== Your task ==
Repeat the data exactly as given below, dropping every picture.

== Task material ==
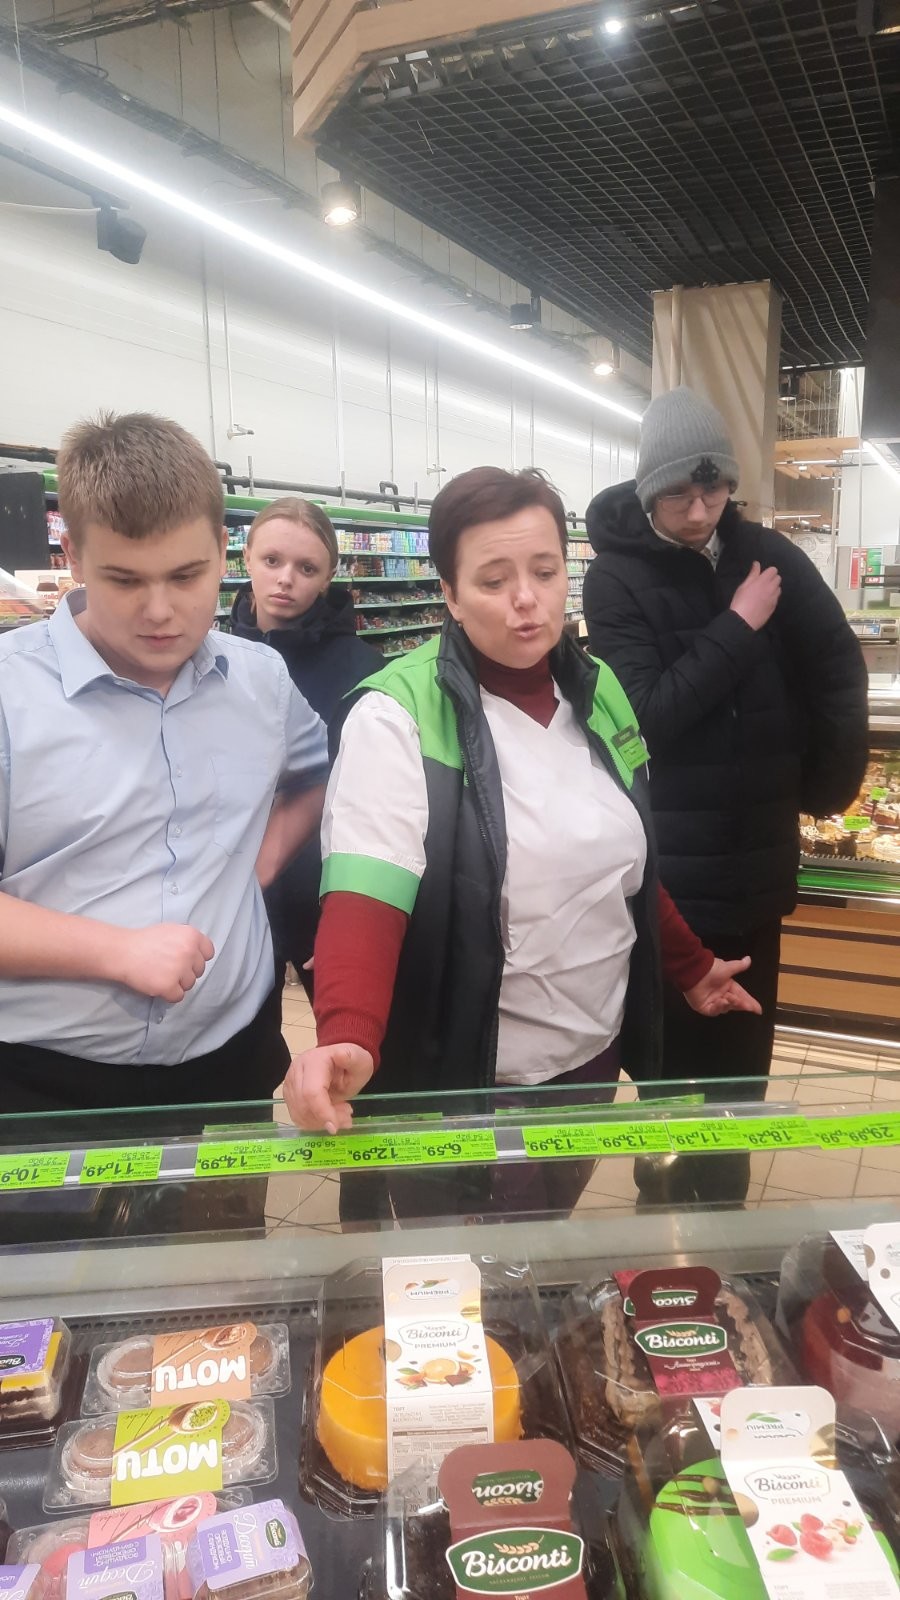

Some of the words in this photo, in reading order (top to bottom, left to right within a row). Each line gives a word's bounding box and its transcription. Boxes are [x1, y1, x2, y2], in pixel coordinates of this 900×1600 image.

[406, 1328, 462, 1339] Bisconti
[645, 1332, 720, 1349] Bisconti
[156, 1355, 247, 1392] MOTU
[116, 1439, 219, 1481] MOTU
[754, 1477, 822, 1492] Bisconti
[461, 1544, 572, 1577] Bisconti
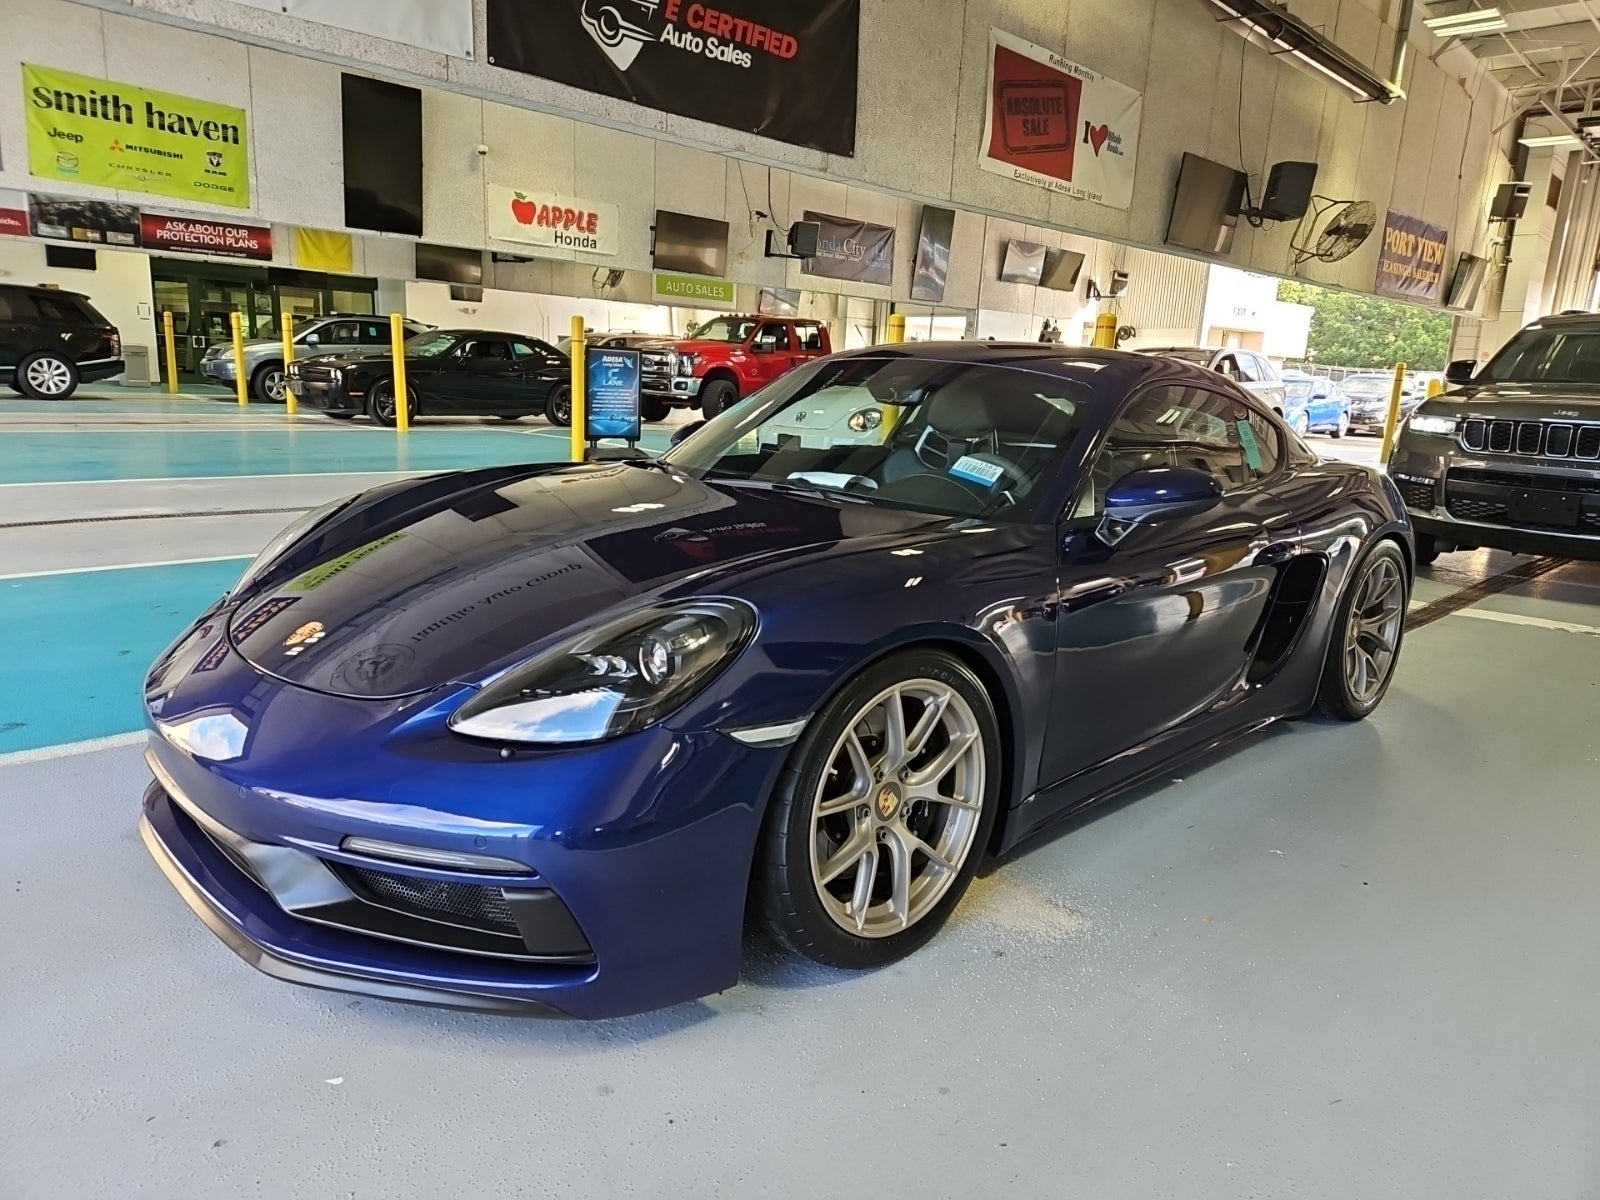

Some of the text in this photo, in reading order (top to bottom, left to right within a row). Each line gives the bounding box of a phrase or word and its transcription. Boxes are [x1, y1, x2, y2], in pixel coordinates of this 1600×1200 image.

[686, 3, 798, 59] CERTIFIED
[659, 23, 752, 68] Auto Sales
[1048, 54, 1095, 82] Running Monthly
[1006, 96, 1063, 116] ABSOLUTE
[145, 101, 240, 145] haven
[1022, 118, 1050, 137] SALE
[47, 127, 84, 144] Jeep
[125, 143, 183, 160] MITSUBISHI
[108, 162, 172, 177] CHRYSLER
[204, 168, 227, 177] RAM
[193, 181, 235, 193] DODGE
[1013, 169, 1047, 188] Exclusively
[1054, 181, 1071, 194] Adesa
[1072, 186, 1086, 198] Long
[537, 204, 599, 235] APPLE
[156, 229, 259, 250] PROTECTION PLANS
[165, 221, 249, 239] ASK ABOUT OUR
[554, 230, 597, 249] Honda
[816, 235, 866, 261] onda City
[1384, 226, 1415, 258] PORT
[665, 280, 724, 298] AUTO SALES
[1553, 408, 1580, 417] Jeep
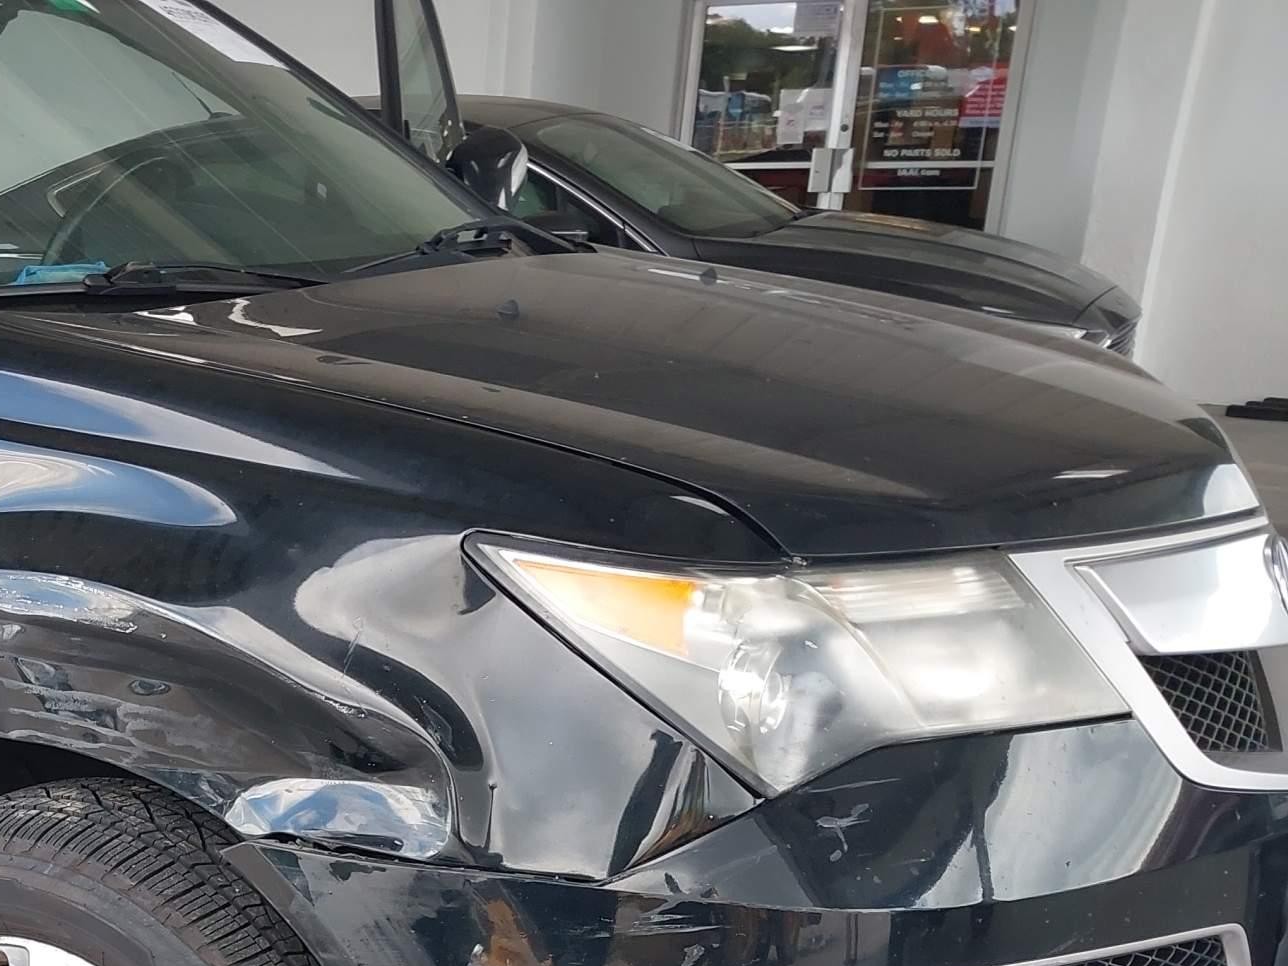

== Response to this exercise ==
Some of the words in this photo, in reading order (top to bottom, left to right within a row). Each line gives a word's bounding box and its transcription. Boxes are [x1, y1, x2, y2], in pixel coordinates of this 900×1600 image.

[406, 1328, 462, 1339] Bisconti
[645, 1332, 720, 1349] Bisconti
[156, 1355, 247, 1392] MOTU
[116, 1439, 219, 1481] MOTU
[754, 1477, 822, 1492] Bisconti
[461, 1544, 572, 1577] Bisconti

Some of the text in this photo, in reading order (top to bottom, left to right within a row). Each line gives the bounding box of a phrase or word and its transcription. Boxes are [x1, y1, x2, y2], in pixel coordinates of this 1600×1200 image.

[686, 3, 798, 59] CERTIFIED
[659, 23, 752, 68] Auto Sales
[1048, 54, 1095, 82] Running Monthly
[1006, 96, 1063, 116] ABSOLUTE
[145, 101, 240, 145] haven
[1022, 118, 1050, 137] SALE
[47, 127, 84, 144] Jeep
[125, 143, 183, 160] MITSUBISHI
[108, 162, 172, 177] CHRYSLER
[204, 168, 227, 177] RAM
[193, 181, 235, 193] DODGE
[1013, 169, 1047, 188] Exclusively
[1054, 181, 1071, 194] Adesa
[1072, 186, 1086, 198] Long
[537, 204, 599, 235] APPLE
[156, 229, 259, 250] PROTECTION PLANS
[165, 221, 249, 239] ASK ABOUT OUR
[554, 230, 597, 249] Honda
[816, 235, 866, 261] onda City
[1384, 226, 1415, 258] PORT
[665, 280, 724, 298] AUTO SALES
[1553, 408, 1580, 417] Jeep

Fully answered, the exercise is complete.